■ What this task involves ■
Every record below should be retyped exactly, and no picture should appear in the copy.

START Recorded data

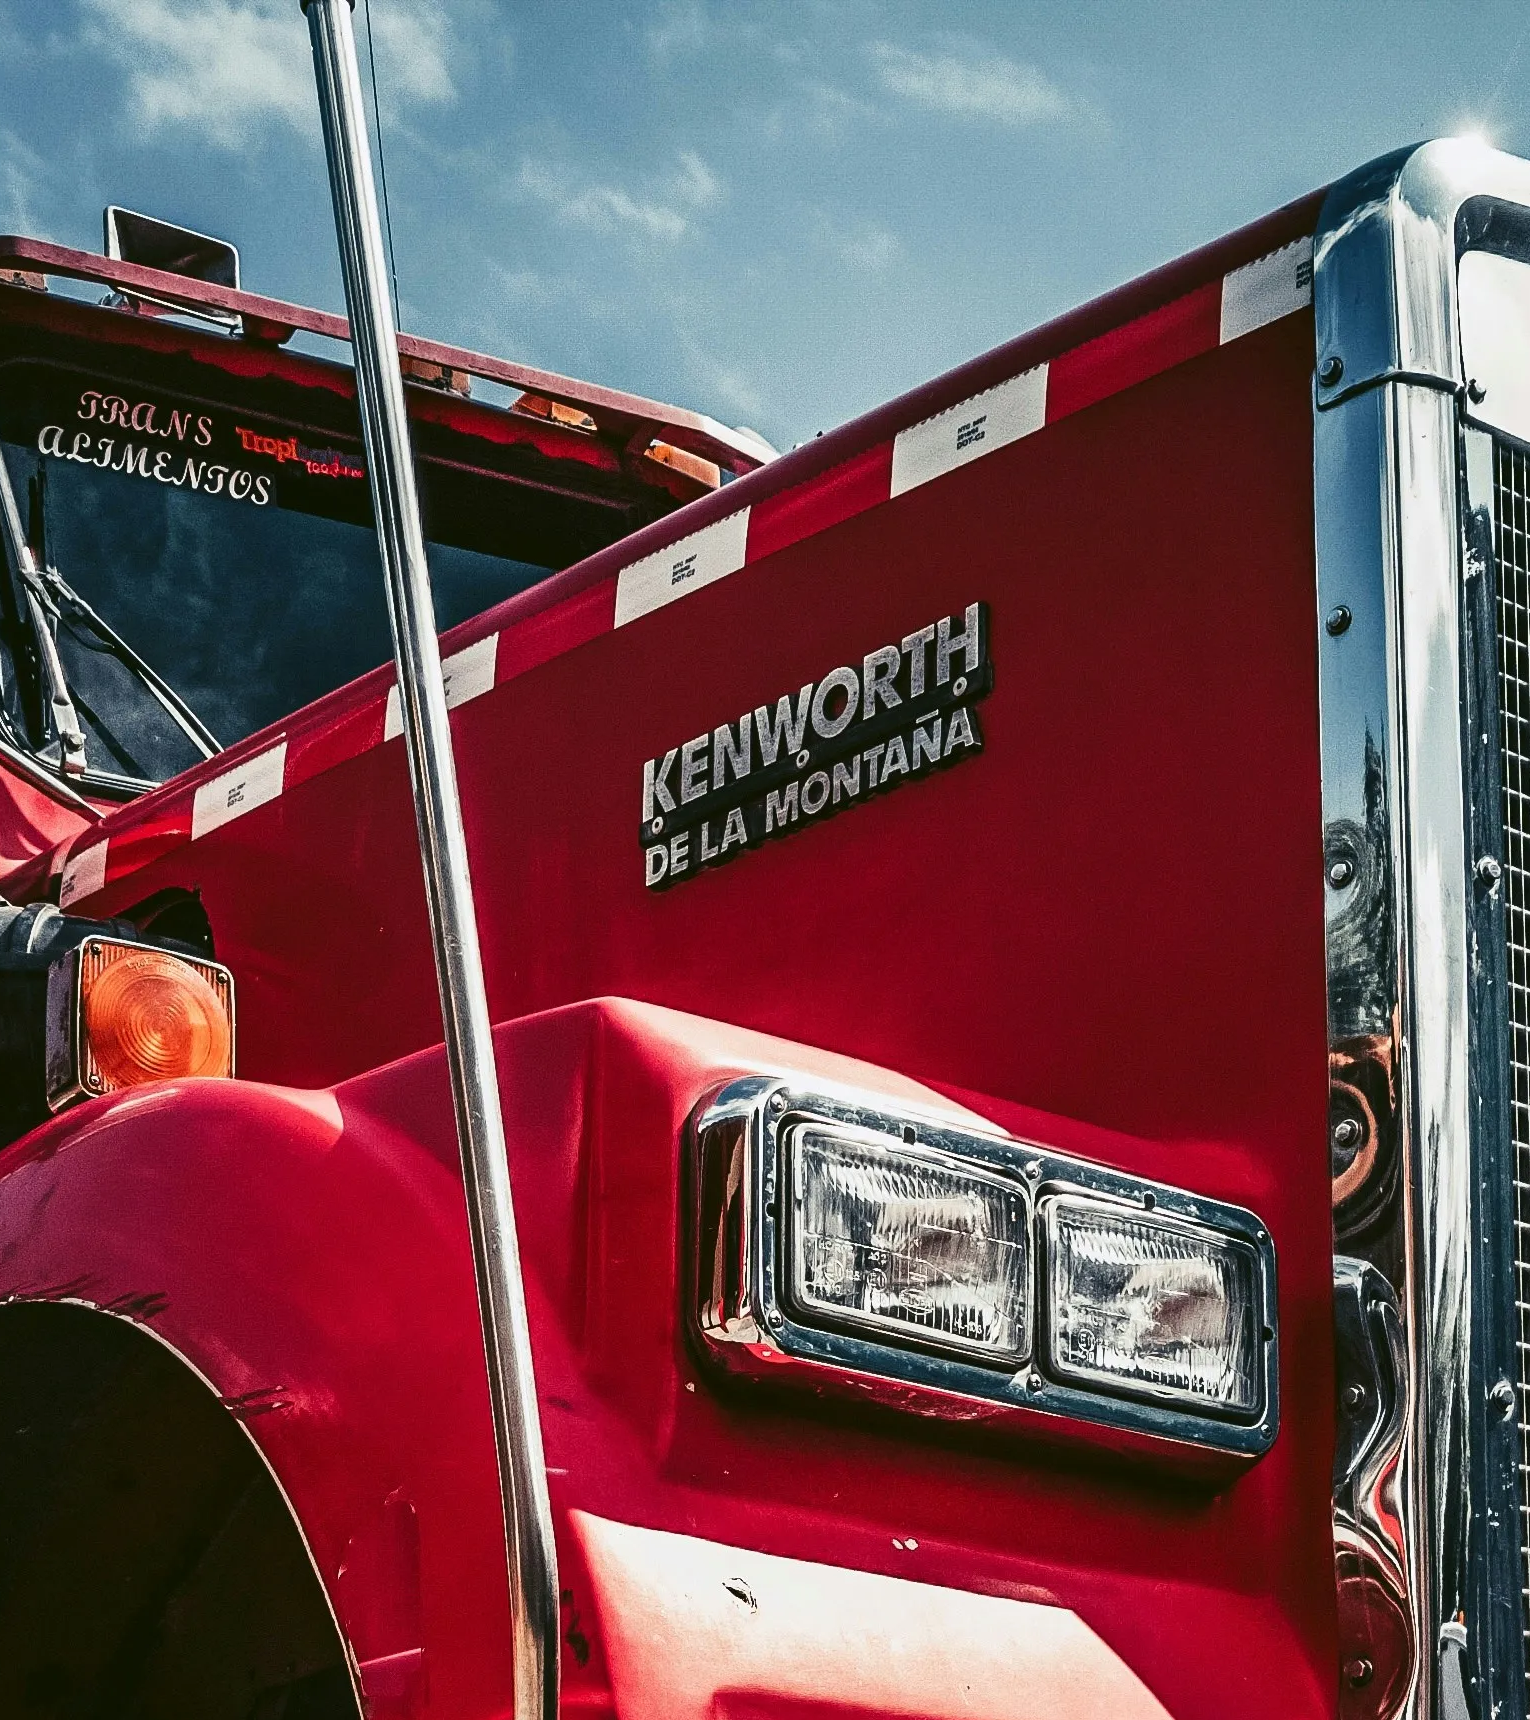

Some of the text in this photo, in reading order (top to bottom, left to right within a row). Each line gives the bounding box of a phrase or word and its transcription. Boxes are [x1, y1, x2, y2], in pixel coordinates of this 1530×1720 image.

[38, 425, 271, 505] ALIMENTOS
[77, 391, 213, 446] TRANS
[643, 602, 979, 823] KENWORTH
[645, 708, 981, 887] DE LA MONTAÑA
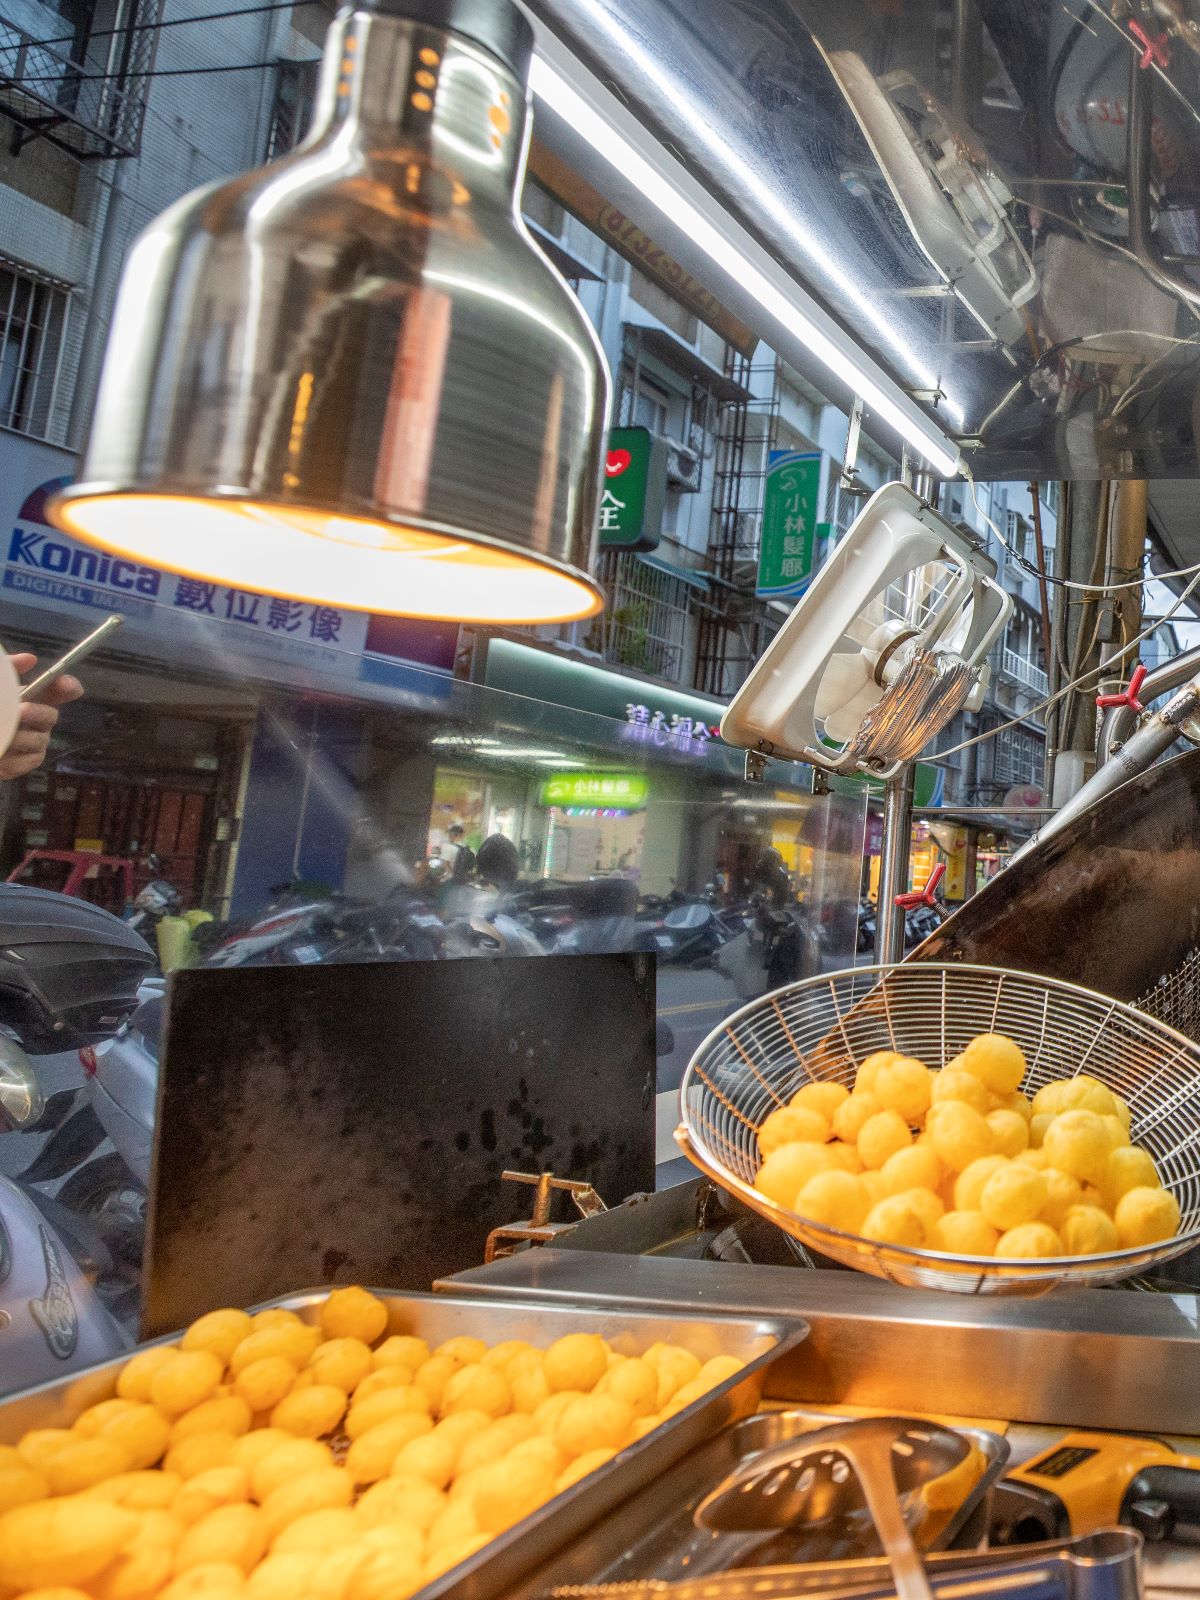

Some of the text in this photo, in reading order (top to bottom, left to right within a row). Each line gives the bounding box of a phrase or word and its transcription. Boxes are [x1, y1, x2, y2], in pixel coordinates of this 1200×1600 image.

[8, 527, 162, 597] Konica
[780, 493, 808, 577] 小林髮廊
[12, 574, 87, 600] DIGITAL
[173, 577, 343, 643] 數位影像
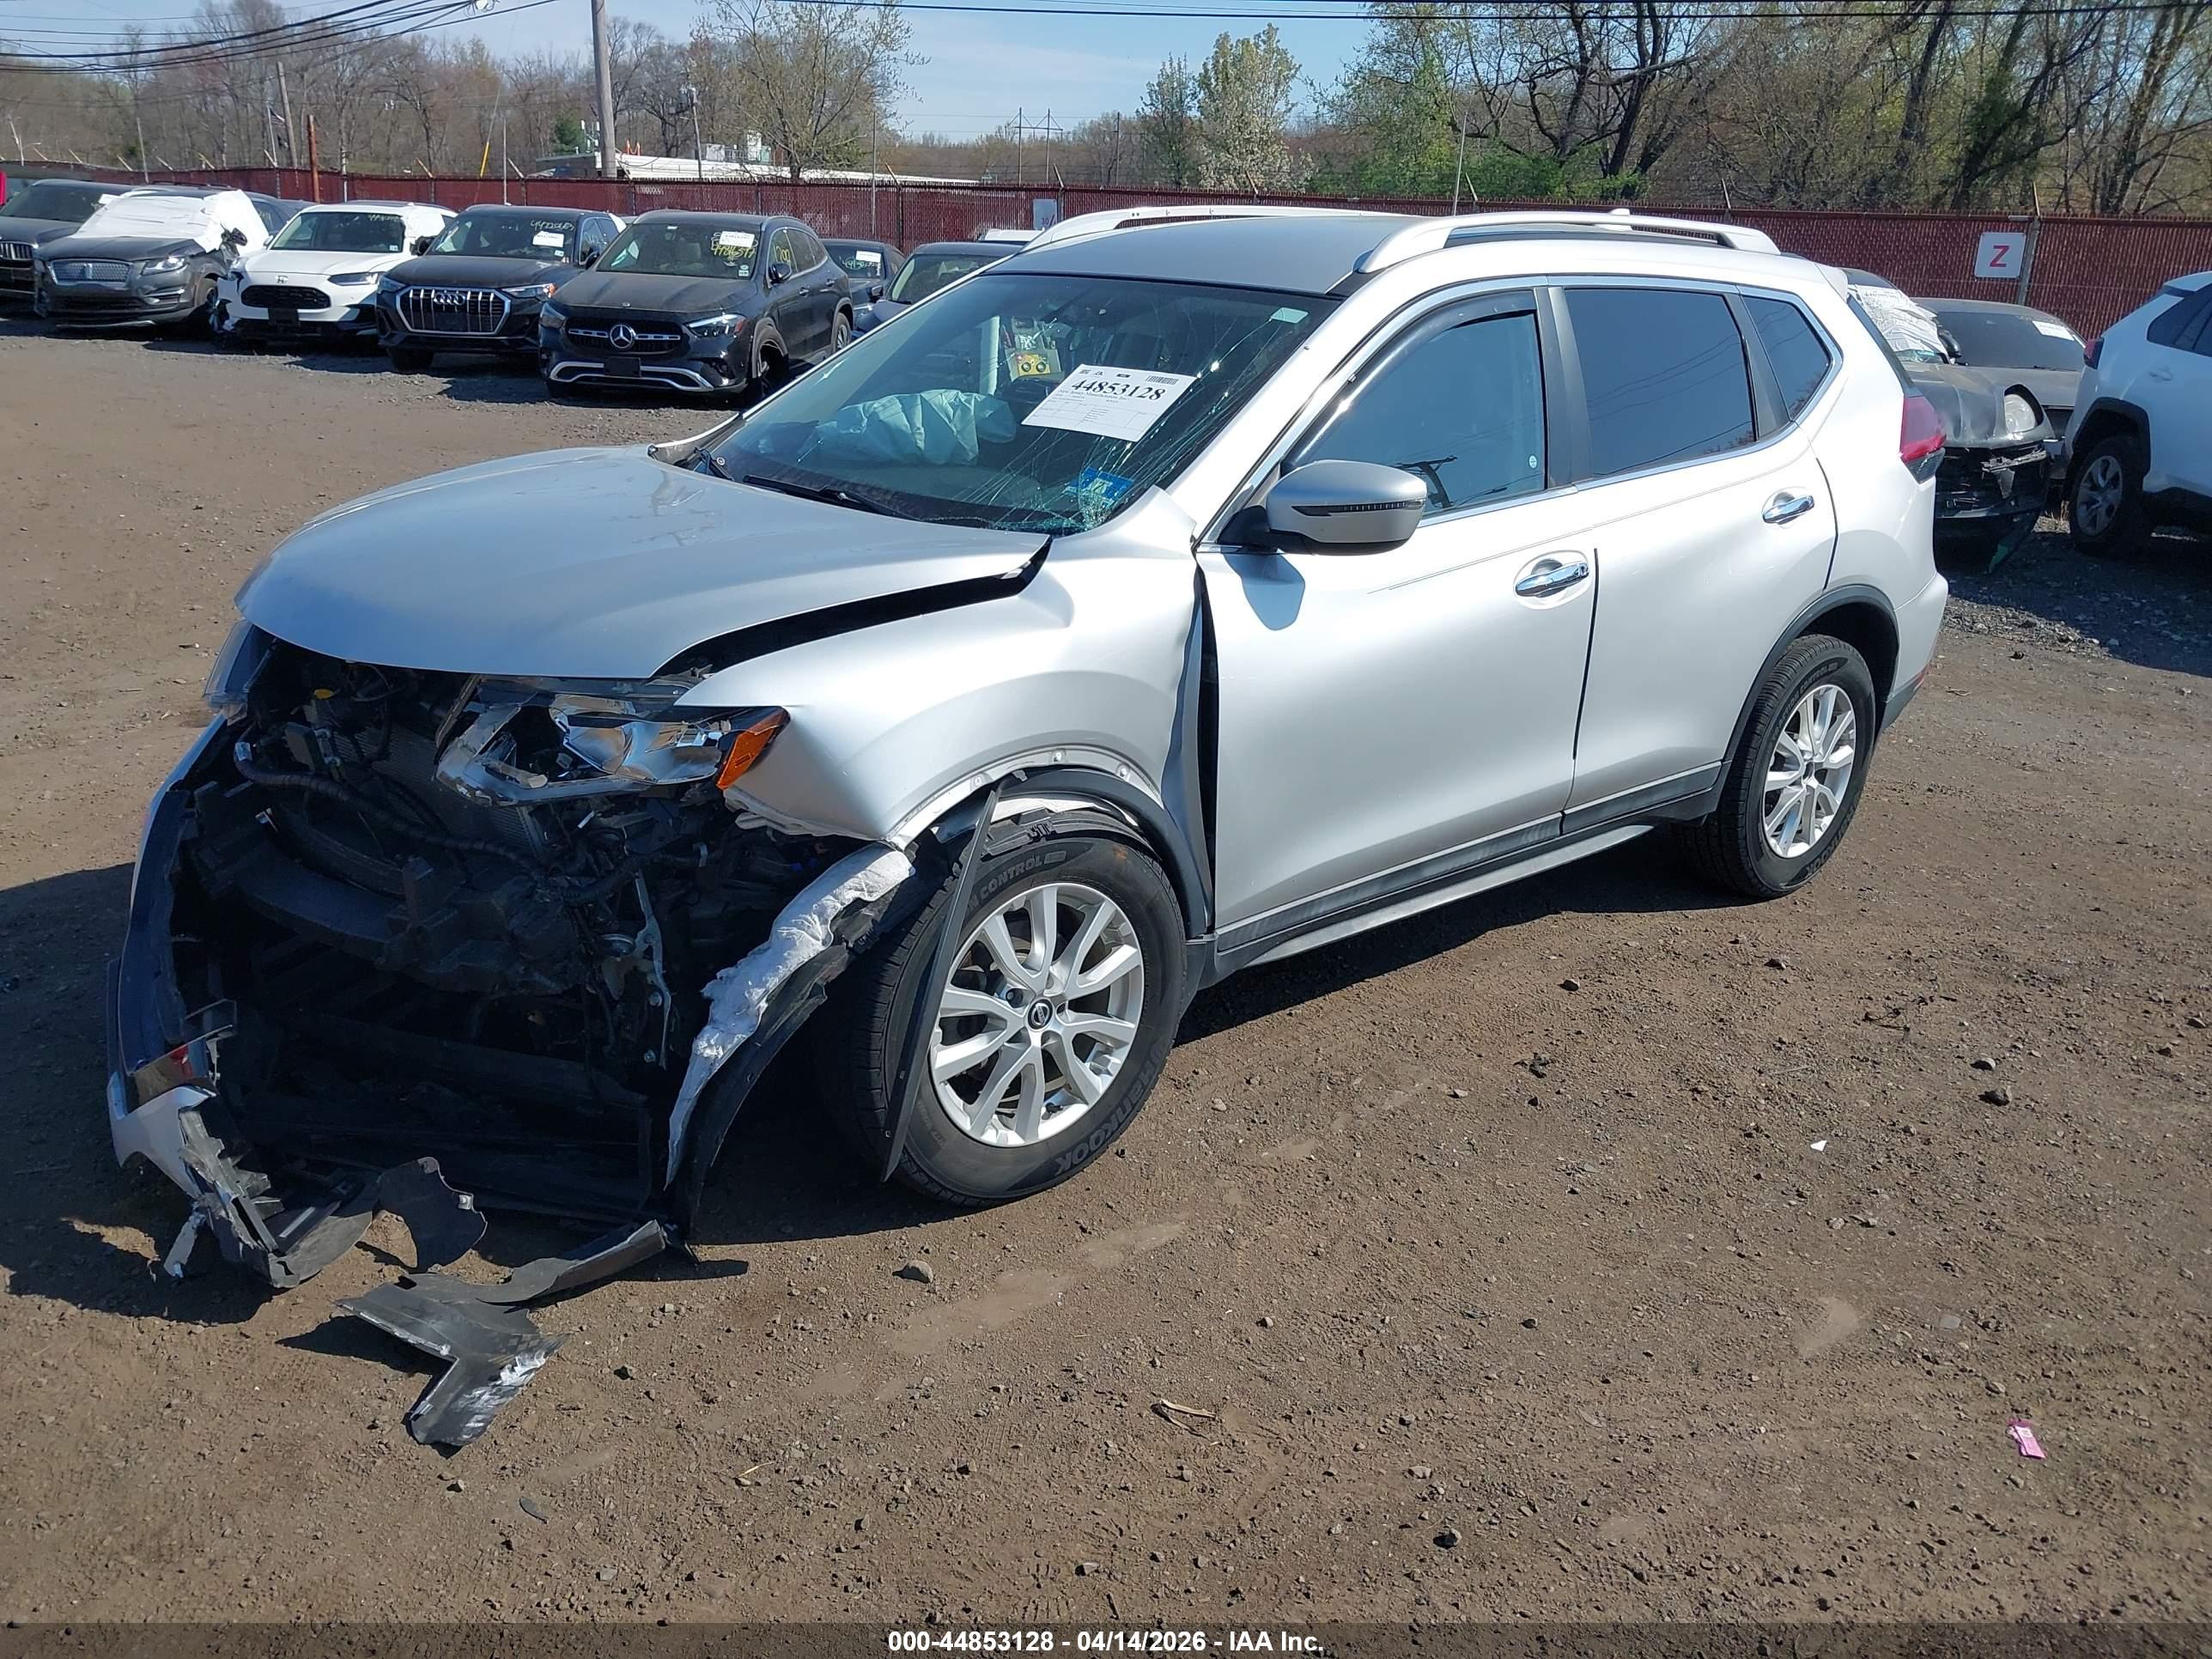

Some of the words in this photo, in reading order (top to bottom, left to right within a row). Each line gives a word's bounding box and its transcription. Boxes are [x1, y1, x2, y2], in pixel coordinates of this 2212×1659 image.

[1989, 245, 2010, 267] Z
[1071, 379, 1166, 401] 44853128
[980, 854, 1042, 897] CONTROL

END Recorded data

■ Solution ■
Some of the text in this photo, in reading order (top to bottom, left to right within a row). Each line gives the bounding box of a phrase or word and its transcription. Boxes are [x1, y1, x2, y2], in pixel coordinates of this 1530×1720 image.

[38, 425, 271, 505] ALIMENTOS
[77, 391, 213, 446] TRANS
[643, 602, 979, 823] KENWORTH
[645, 708, 981, 887] DE LA MONTAÑA

Some of the text in this photo, in reading order (top to bottom, left to right within a row). Each line gives the bounding box of a phrase or word and its transcription. Boxes are [x1, y1, x2, y2], in pixel coordinates of this 1200×1600 image.

[8, 527, 162, 597] Konica
[780, 493, 808, 577] 小林髮廊
[12, 574, 87, 600] DIGITAL
[173, 577, 343, 643] 數位影像

Some of the words in this photo, in reading order (top to bottom, left to right within a row). Each line gives a word's bounding box and its transcription. Boxes are [x1, y1, x2, y2], in pixel coordinates of this 2212×1659 image.

[1989, 245, 2010, 267] Z
[1071, 379, 1166, 401] 44853128
[980, 854, 1042, 897] CONTROL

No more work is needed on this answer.